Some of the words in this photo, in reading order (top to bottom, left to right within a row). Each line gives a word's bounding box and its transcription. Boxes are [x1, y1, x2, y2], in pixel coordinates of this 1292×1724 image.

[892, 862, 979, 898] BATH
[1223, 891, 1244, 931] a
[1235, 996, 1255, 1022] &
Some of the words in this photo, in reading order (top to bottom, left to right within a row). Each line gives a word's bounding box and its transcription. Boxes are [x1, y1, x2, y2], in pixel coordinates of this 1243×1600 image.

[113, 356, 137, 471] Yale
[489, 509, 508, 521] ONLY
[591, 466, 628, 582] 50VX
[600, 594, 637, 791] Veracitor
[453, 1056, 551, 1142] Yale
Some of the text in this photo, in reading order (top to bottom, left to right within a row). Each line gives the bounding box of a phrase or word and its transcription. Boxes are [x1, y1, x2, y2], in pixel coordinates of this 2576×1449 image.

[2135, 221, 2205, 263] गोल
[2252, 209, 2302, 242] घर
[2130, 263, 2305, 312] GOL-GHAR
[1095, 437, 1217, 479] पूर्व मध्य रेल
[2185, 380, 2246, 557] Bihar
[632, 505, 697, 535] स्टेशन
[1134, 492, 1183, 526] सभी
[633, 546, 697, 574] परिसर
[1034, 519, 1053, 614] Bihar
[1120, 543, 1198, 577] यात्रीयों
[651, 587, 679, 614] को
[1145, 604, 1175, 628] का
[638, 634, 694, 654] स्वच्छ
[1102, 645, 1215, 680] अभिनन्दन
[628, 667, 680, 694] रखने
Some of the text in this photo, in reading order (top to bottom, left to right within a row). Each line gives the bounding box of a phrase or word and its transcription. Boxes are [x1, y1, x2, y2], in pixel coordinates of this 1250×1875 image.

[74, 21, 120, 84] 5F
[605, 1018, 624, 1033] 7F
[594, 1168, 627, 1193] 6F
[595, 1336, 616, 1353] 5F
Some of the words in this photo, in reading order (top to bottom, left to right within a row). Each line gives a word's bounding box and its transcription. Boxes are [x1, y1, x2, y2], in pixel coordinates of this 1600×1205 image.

WHAT YOU NEED TO DO
Repeat exactly the lines from the one containing "this 1250×1875 image." through the last line of the records above, both included, and nothing else.

WRITTEN RESPONSE
Some of the text in this photo, in reading order (top to bottom, left to right within a row). Each line gives the bounding box of a phrase or word and its transcription. Boxes are [x1, y1, x2, y2], in pixel coordinates of this 1250×1875 image.

[74, 21, 120, 84] 5F
[605, 1018, 624, 1033] 7F
[594, 1168, 627, 1193] 6F
[595, 1336, 616, 1353] 5F
Some of the words in this photo, in reading order (top to bottom, left to right within a row). Each line gives a word's bounding box and its transcription. Boxes are [x1, y1, x2, y2], in pixel coordinates of this 1600×1205 image.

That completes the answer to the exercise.